(Spatial localization data)
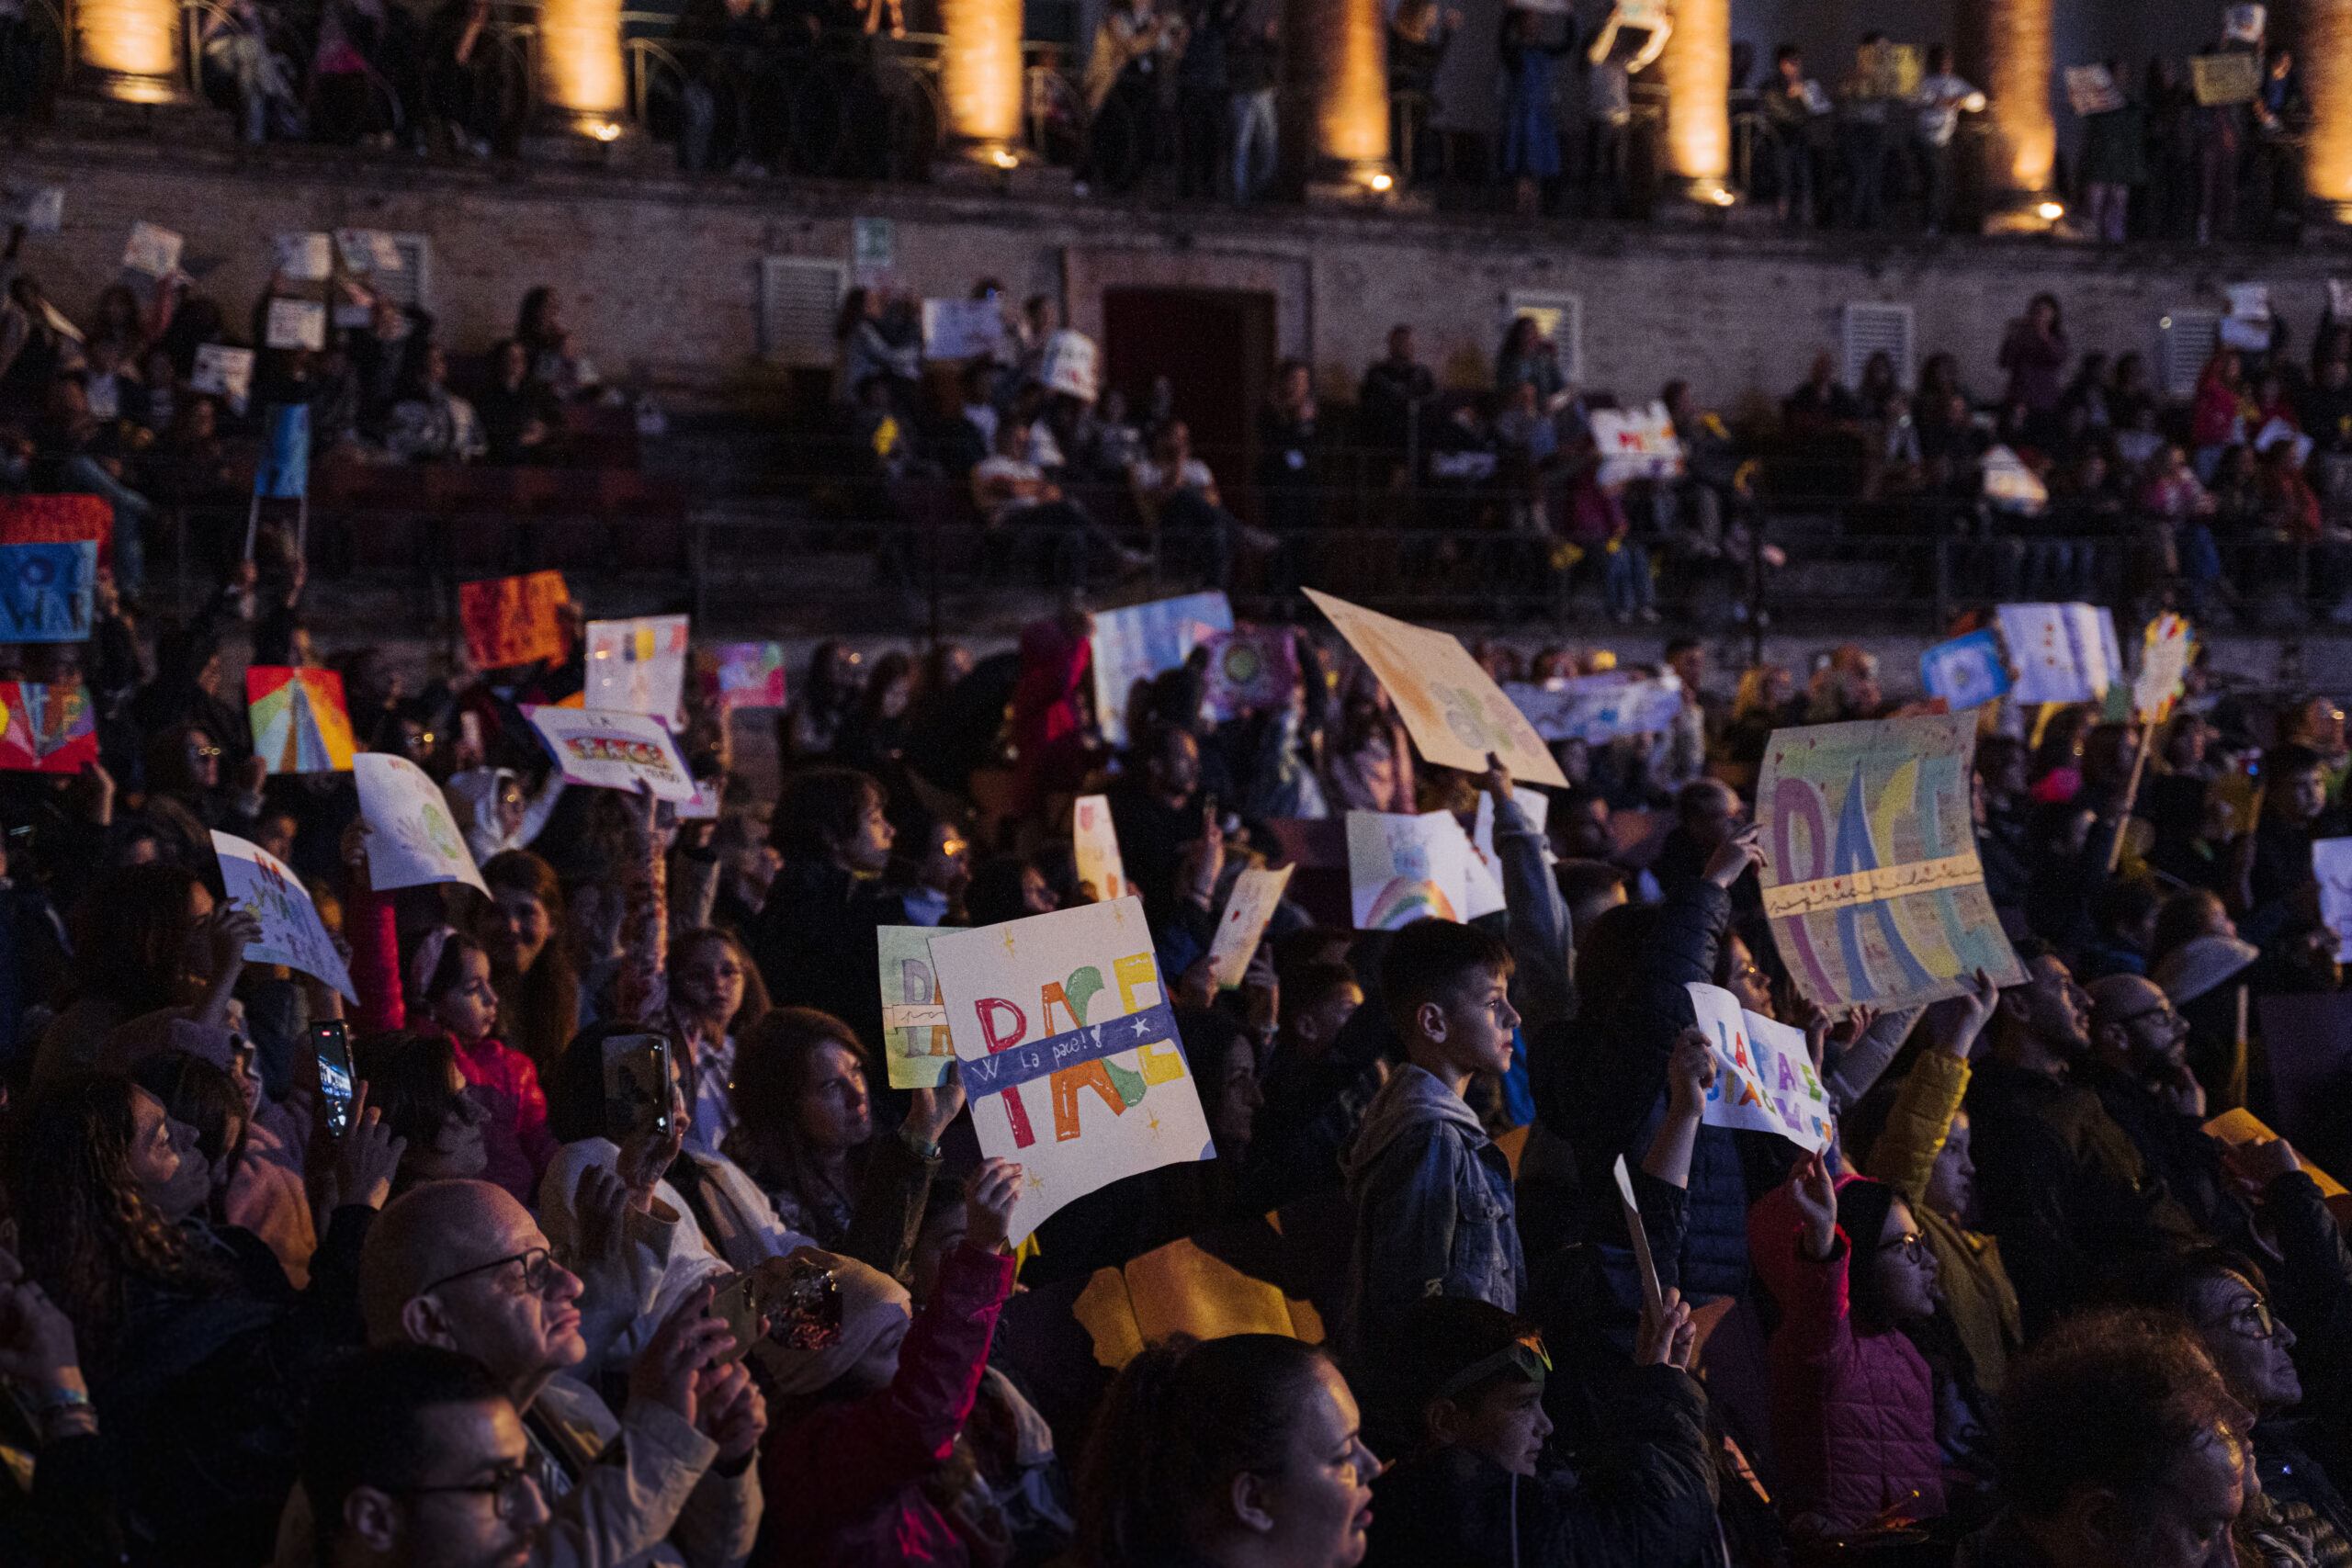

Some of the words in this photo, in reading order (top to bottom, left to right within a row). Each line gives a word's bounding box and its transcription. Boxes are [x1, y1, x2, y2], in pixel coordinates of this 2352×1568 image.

[1773, 754, 2010, 1004] PACE
[971, 1058, 999, 1081] W
[974, 951, 1185, 1149] PACE
[1717, 1021, 1756, 1077] LA
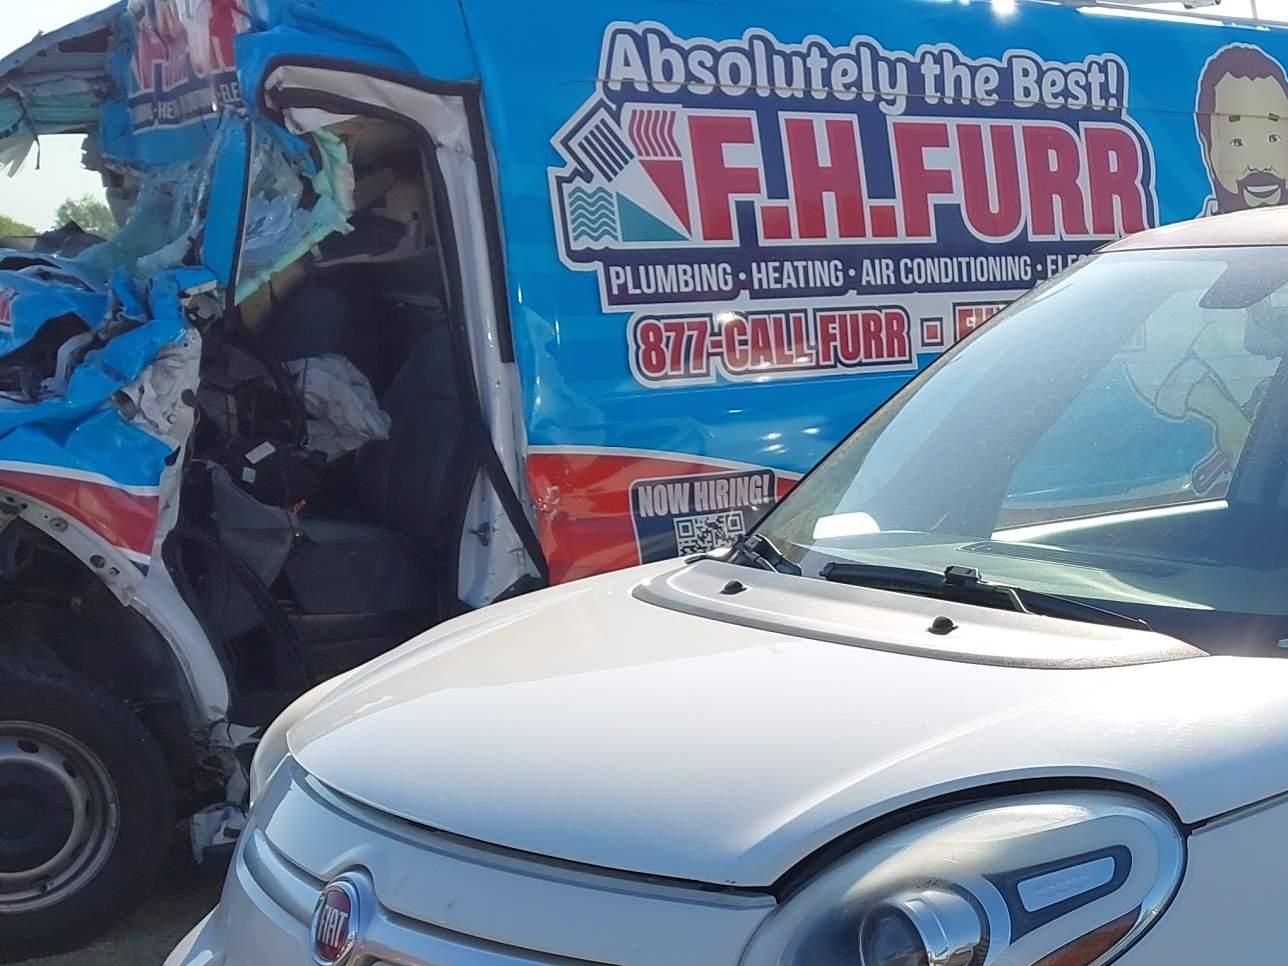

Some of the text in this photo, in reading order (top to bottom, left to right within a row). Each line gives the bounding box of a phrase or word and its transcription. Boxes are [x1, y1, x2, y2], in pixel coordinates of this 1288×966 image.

[607, 32, 1119, 116] Absolutely the Best!
[608, 262, 734, 296] PLUMBING
[751, 259, 844, 290] HEATING
[861, 256, 896, 286] AIR
[899, 254, 1032, 285] CONDITIONING
[639, 313, 814, 375] 877-CALL
[818, 309, 909, 365] FURR
[637, 473, 770, 518] NOW HIRING!
[317, 903, 349, 949] FIAT
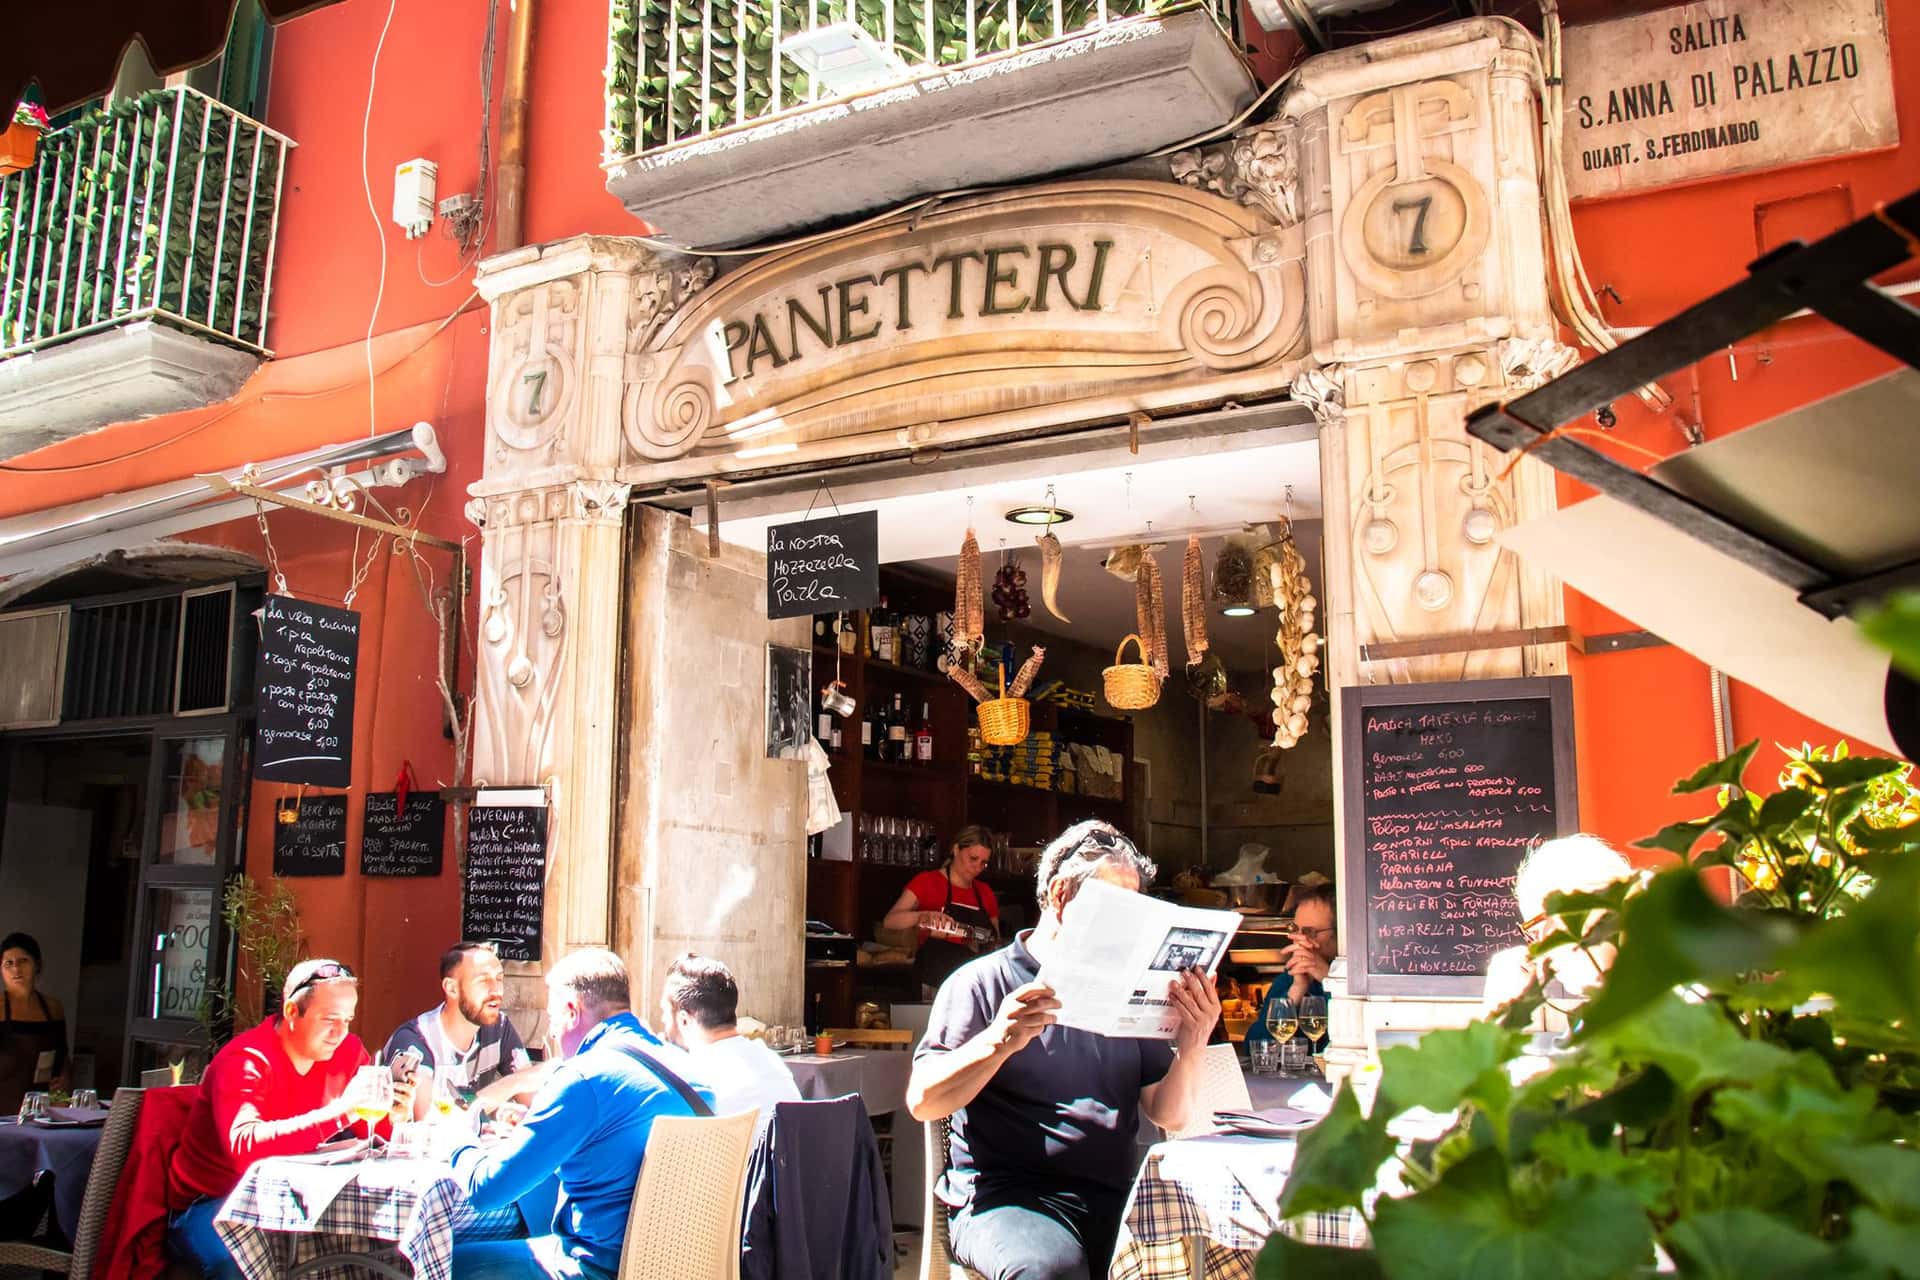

WORK REQUEST
Please, without any pictures, print each entry exactly.

TASK OUTPUT
Some of the words in this photo, in reading order (top to bottom, left to right within a row). Each line gives a word's bounding box and its transcription. Boxes are [x1, y1, x2, y2], in pixel coordinates of this 2352×1568 image.

[1773, 754, 2010, 1004] PACE
[971, 1058, 999, 1081] W
[974, 951, 1185, 1149] PACE
[1717, 1021, 1756, 1077] LA

Some of the text in this photo, in reading order (top to bottom, left to right within a row). Each line gives the bounding box of a phrase or word and its transcription. Boxes are [x1, y1, x2, y2], in pixel coordinates of this 1288×966 image.

[607, 32, 1119, 116] Absolutely the Best!
[608, 262, 734, 296] PLUMBING
[751, 259, 844, 290] HEATING
[861, 256, 896, 286] AIR
[899, 254, 1032, 285] CONDITIONING
[639, 313, 814, 375] 877-CALL
[818, 309, 909, 365] FURR
[637, 473, 770, 518] NOW HIRING!
[317, 903, 349, 949] FIAT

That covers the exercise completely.